Researchers Patrick Wolf, John Witte and Brian Kisida found Milwaukee voucher students were 6 percentage points more likely to attend a four-year college than their public school peers. Milwaukee choice students were 1-2 percentage points more likely to graduate college, but that difference was not statistically significant.
The researchers conclude, “students in the Milwaukee Parental Choice Program tend to have higher levels of many measures of educational attainment than a carefully matched comparison of Milwaukee Public School students.”
Scholarship students in the nation’s capital did not fare as well. Although D.C. voucher students were 3 points less likely to attend a four-year college, researcher Matthew Chingos, said the difference was not statistically significant.
“Students who won a scholarship to attend a private school in Washington, D.C. enrolled in similar types of colleges at similar rates as students who were not offered a private school voucher,” Chingos wrote.
Like Milwaukee, D.C. voucher students also saw no difference in college degree attainment. However, Chingos also noted that the D.C. scholarship value of $9,700 in 2017 dollars was less than half the per-pupil spending of D.C. public schools. Scholarship values in Milwaukee and Florida are also lower than per-pupil spending in their respective state public schools.
Last year, the Urban Institute found scholarship students in Florida were up to 6 points more likely to attend college, with most of that impact stemming from community college enrollment. Florida’s scholarship students were also more likely to obtain an associates degree than their public school peers.

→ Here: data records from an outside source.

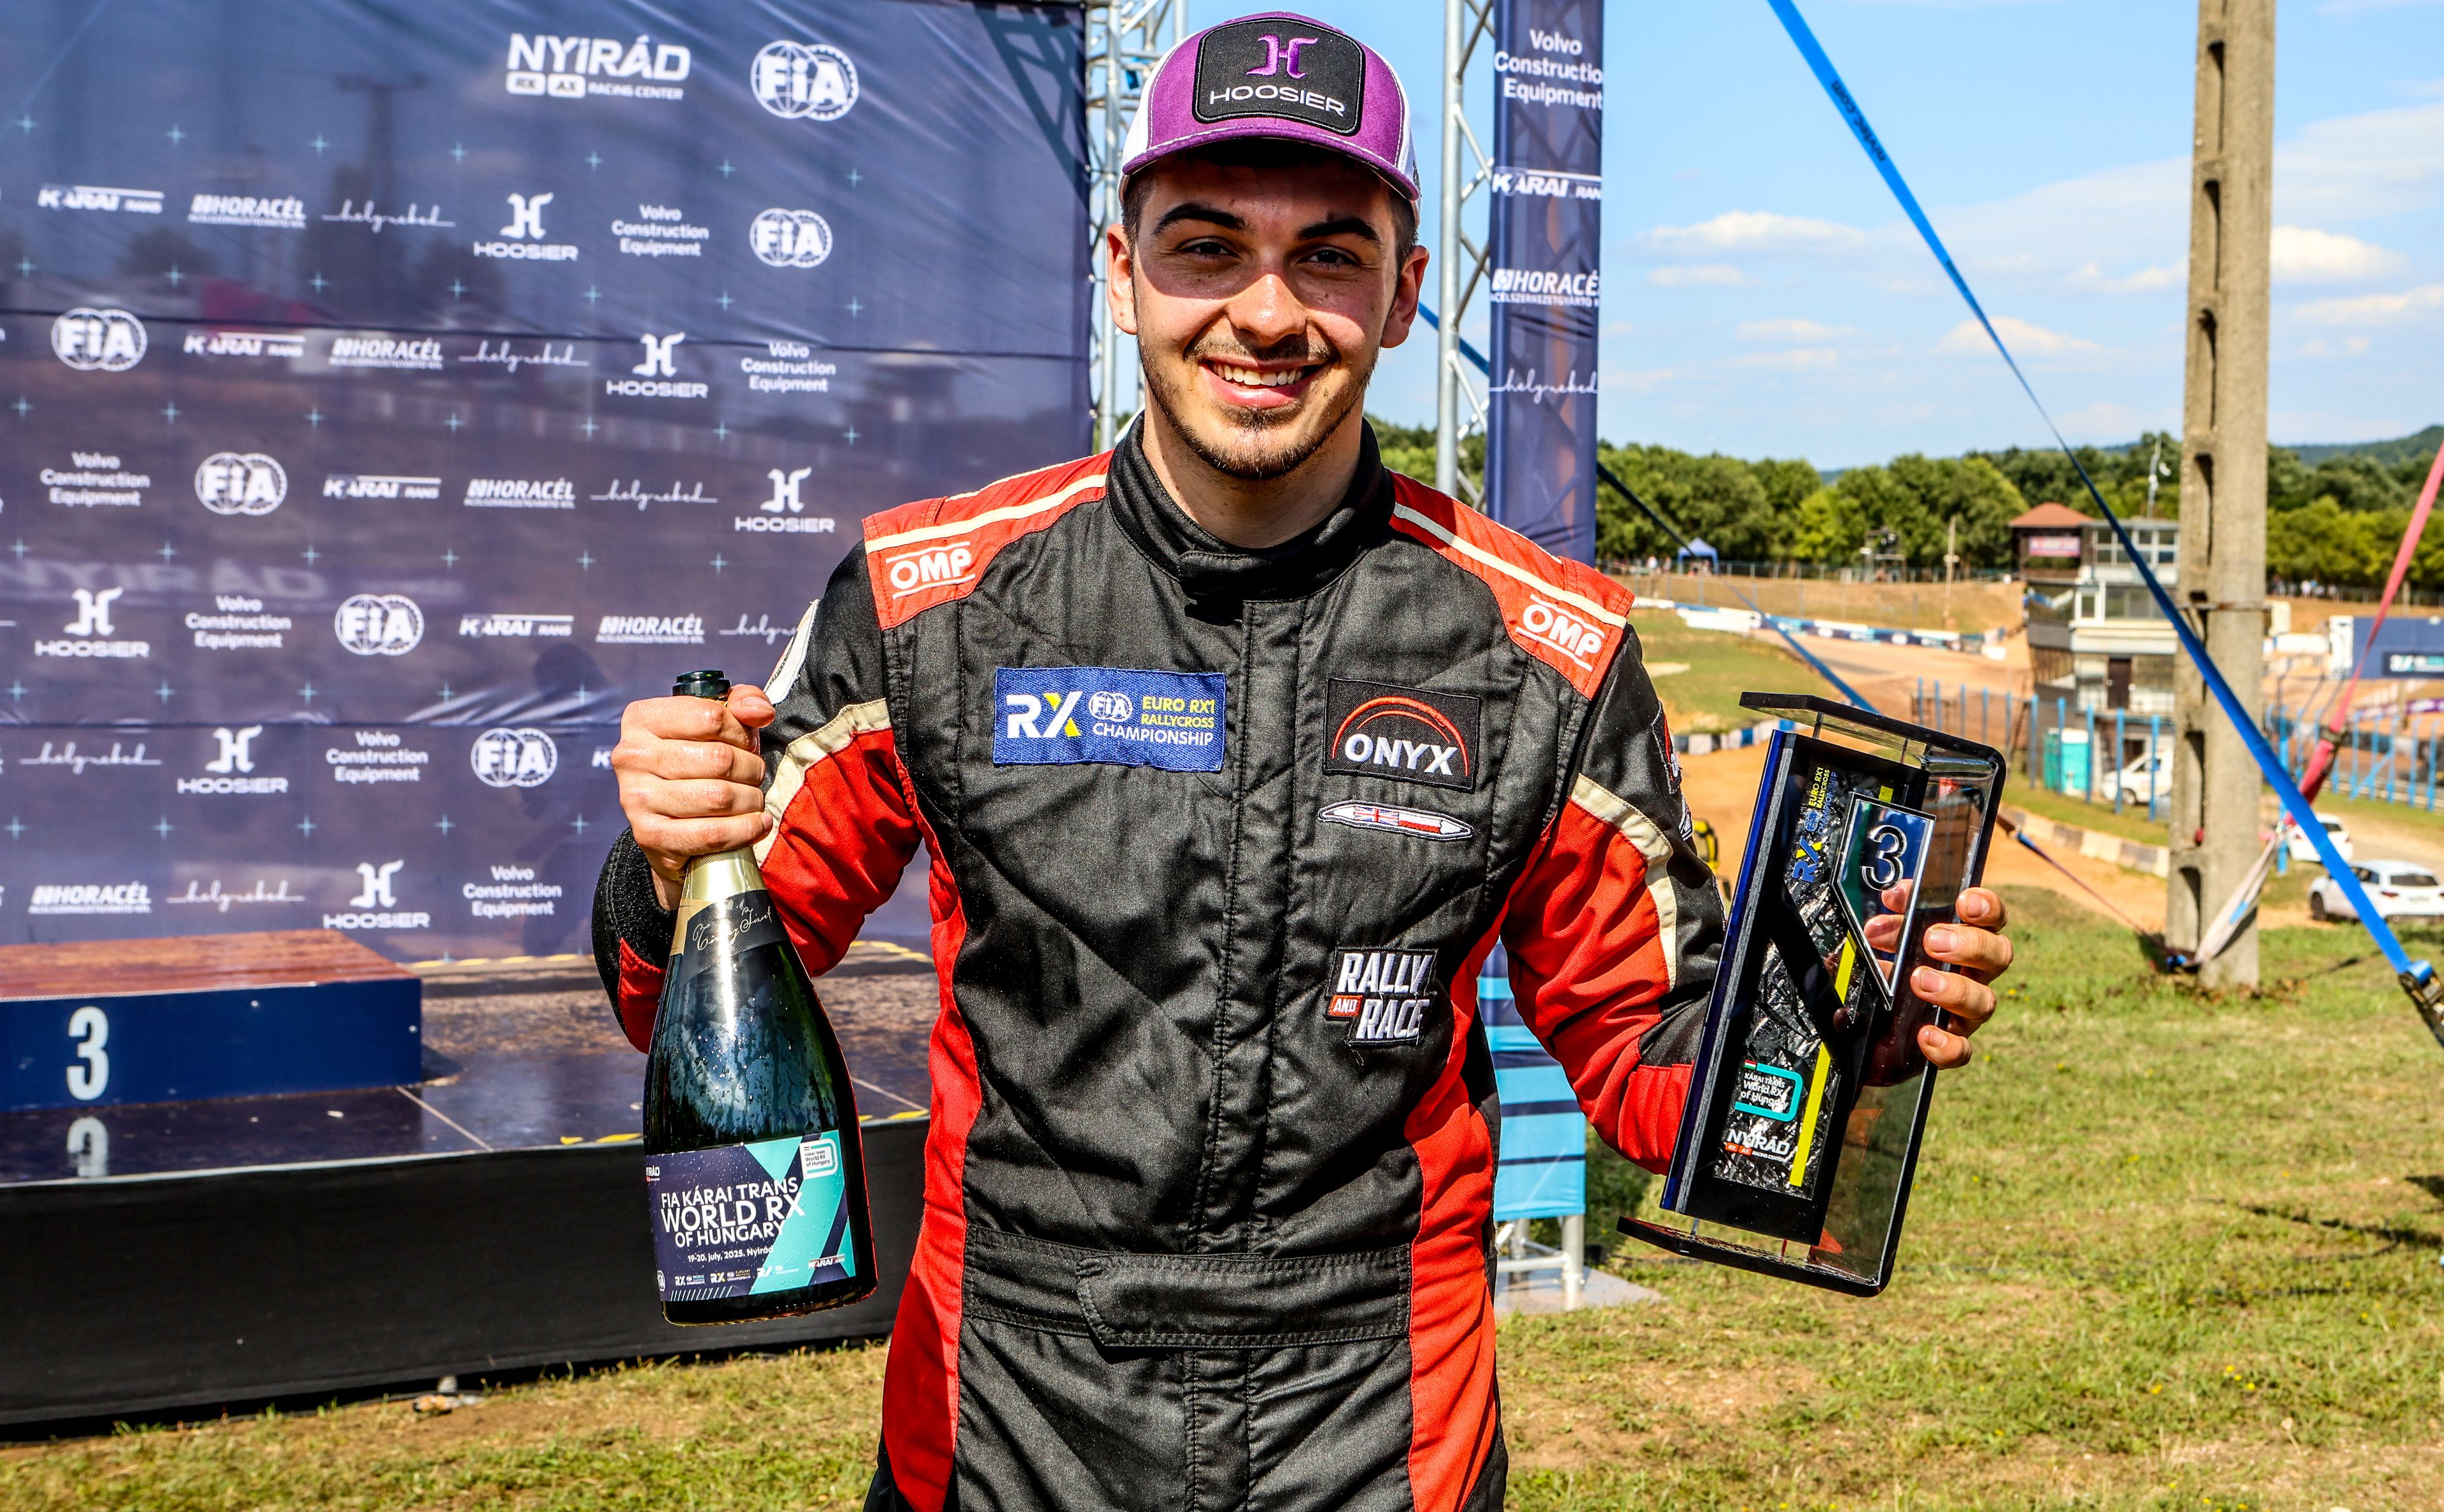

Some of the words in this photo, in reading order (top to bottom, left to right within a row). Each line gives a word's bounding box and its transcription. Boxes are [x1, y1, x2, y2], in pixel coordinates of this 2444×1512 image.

[1529, 29, 1583, 55] Volvo
[1494, 50, 1603, 85] Constructio
[1209, 85, 1347, 117] HOOSIER
[1503, 77, 1603, 110] Equipment
[213, 195, 306, 220] HORACÉL
[639, 204, 682, 221] Volvo
[611, 220, 709, 239] Construction
[474, 241, 579, 260] HOOSIER
[620, 237, 701, 256] Equipment
[1512, 269, 1599, 297] HORACÉ
[352, 337, 444, 360] HORACÉL
[768, 342, 810, 358] Volvo
[741, 357, 836, 375] Construction
[607, 380, 708, 398] HOOSIER
[749, 375, 829, 393] Equipment
[72, 451, 120, 469] Volvo
[40, 468, 150, 488] Construction
[49, 487, 141, 508] Equipment
[487, 477, 575, 500] HORACÉL
[734, 517, 835, 533] HOOSIER
[891, 548, 971, 590] OMP
[215, 595, 263, 612] Volvo
[185, 612, 292, 630] Construction
[617, 613, 705, 635] HORACÉL
[1522, 603, 1603, 658] OMP
[34, 640, 150, 659] HOOSIER
[194, 630, 283, 650] Equipment
[1142, 696, 1184, 712] EURO
[1190, 699, 1215, 713] RX1
[1006, 691, 1083, 738] RX
[1141, 713, 1214, 729] RALLYCROSS
[355, 731, 400, 747] Volvo
[1092, 723, 1213, 746] CHAMPIONSHIP
[325, 748, 428, 765] Construction
[1344, 733, 1458, 776] ONYX
[334, 766, 421, 785] Equipment
[177, 778, 288, 794] HOOSIER
[1808, 782, 1820, 806] EURO
[1814, 767, 1824, 782] RX1
[1816, 769, 1830, 809] RALLYCROSS
[1792, 836, 1823, 883] RX
[1860, 825, 1908, 892] 3
[490, 865, 535, 881] Volvo
[463, 883, 562, 899] Construction
[472, 900, 555, 919] Equipment
[323, 912, 430, 929] HOOSIER
[1337, 953, 1433, 993] RALLY
[1333, 998, 1358, 1013] AND
[1356, 999, 1430, 1039] RACE
[66, 1006, 109, 1100] 3
[1744, 1072, 1764, 1082] KÁRAI
[1741, 1091, 1752, 1099] of
[1743, 1080, 1770, 1094] World
[1771, 1086, 1783, 1096] RX
[661, 1192, 680, 1208] FIA
[682, 1186, 733, 1207] KÁRAI
[736, 1177, 798, 1200] TRANS
[661, 1200, 757, 1233] WORLD
[766, 1191, 806, 1221] RX
[675, 1231, 694, 1248] OF
[697, 1219, 786, 1247] HUNGARY
[687, 1254, 707, 1263] 19-20.
[724, 1249, 745, 1259] 2025.
[675, 1275, 686, 1286] RX
[710, 1272, 726, 1284] RX
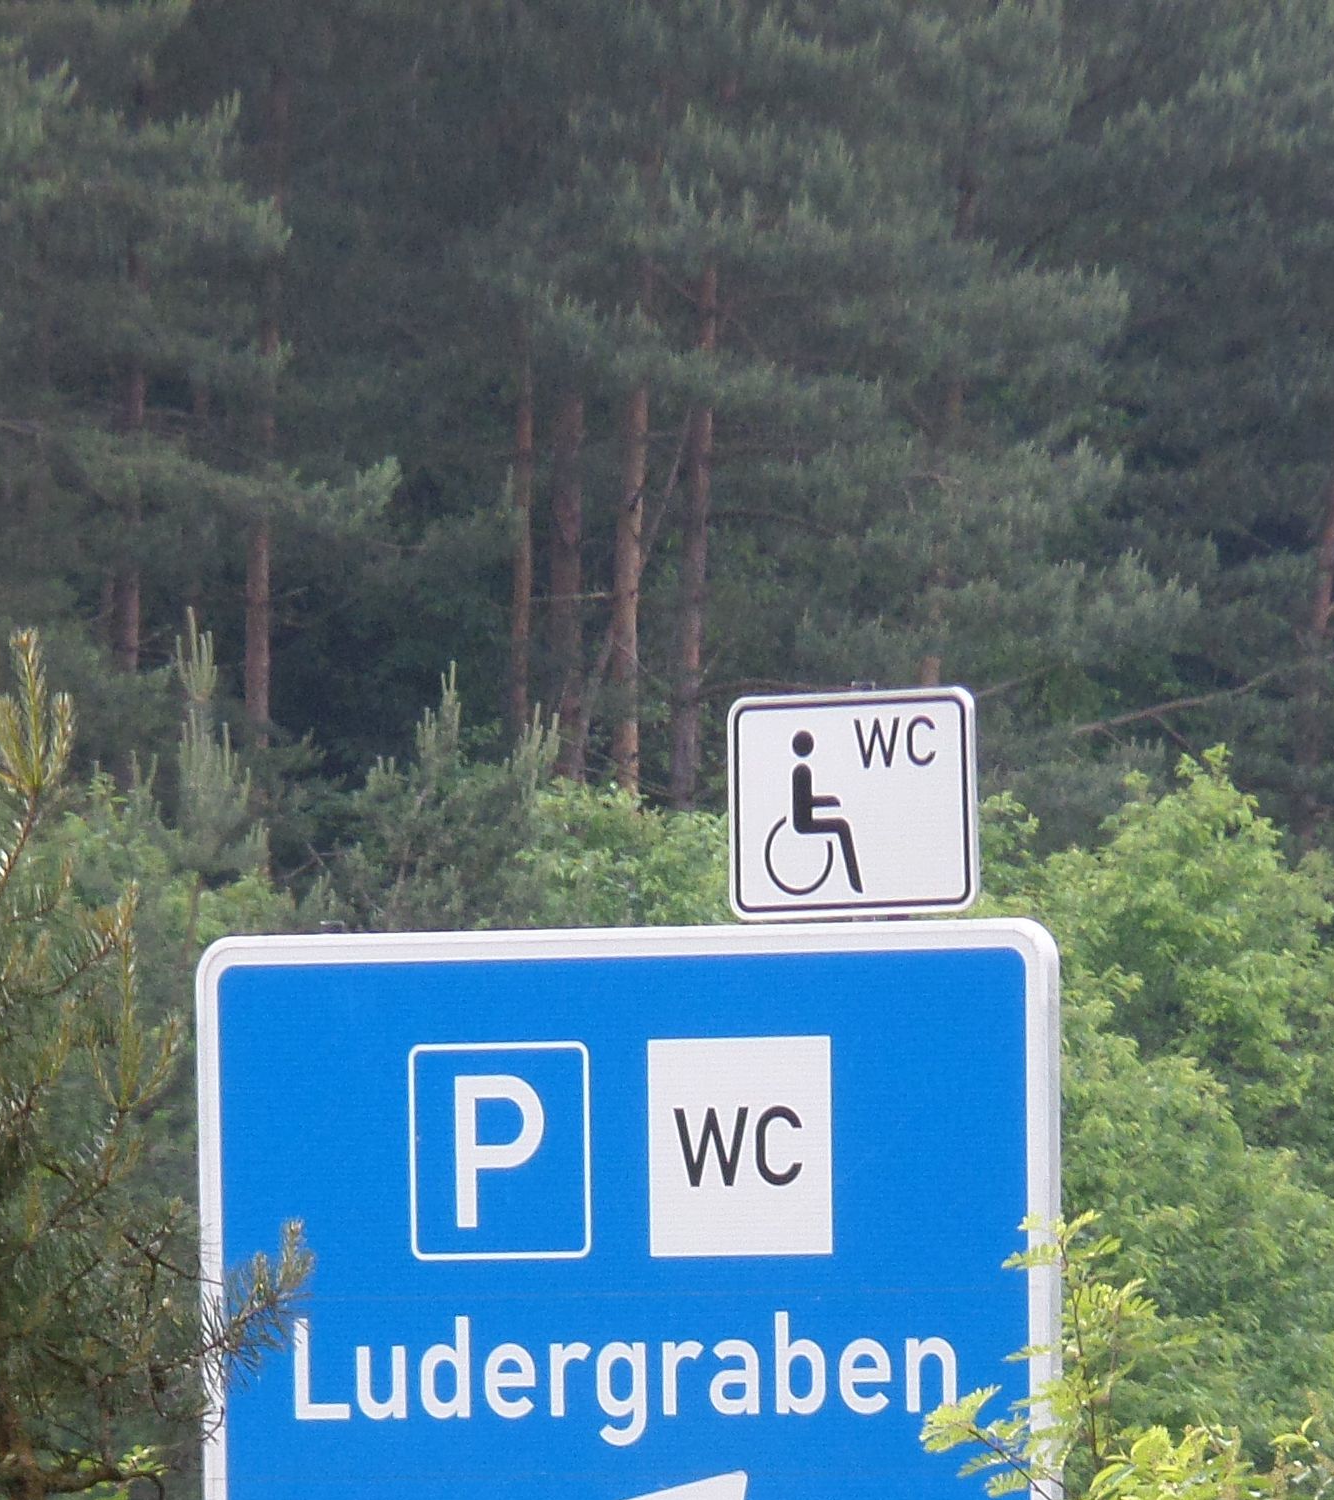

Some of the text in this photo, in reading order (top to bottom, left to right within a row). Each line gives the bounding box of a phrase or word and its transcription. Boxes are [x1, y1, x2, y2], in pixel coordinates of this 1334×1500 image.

[854, 715, 937, 769] WC
[454, 1074, 545, 1229] P
[673, 1106, 802, 1187] WC
[292, 1311, 958, 1448] Ludergraben

While school voucher supporters and opponents will continue to debate the short- and long-term impact of school choice programs, one troubling statistic should cut through that noise: the persistently poor college graduation rates among low-income students regardless of what type of K-12 school they attend. College graduation rates among low-income students stand in the teens, suggesting that more work needs to be done at all levels of education to provide these students the support they need to succeed.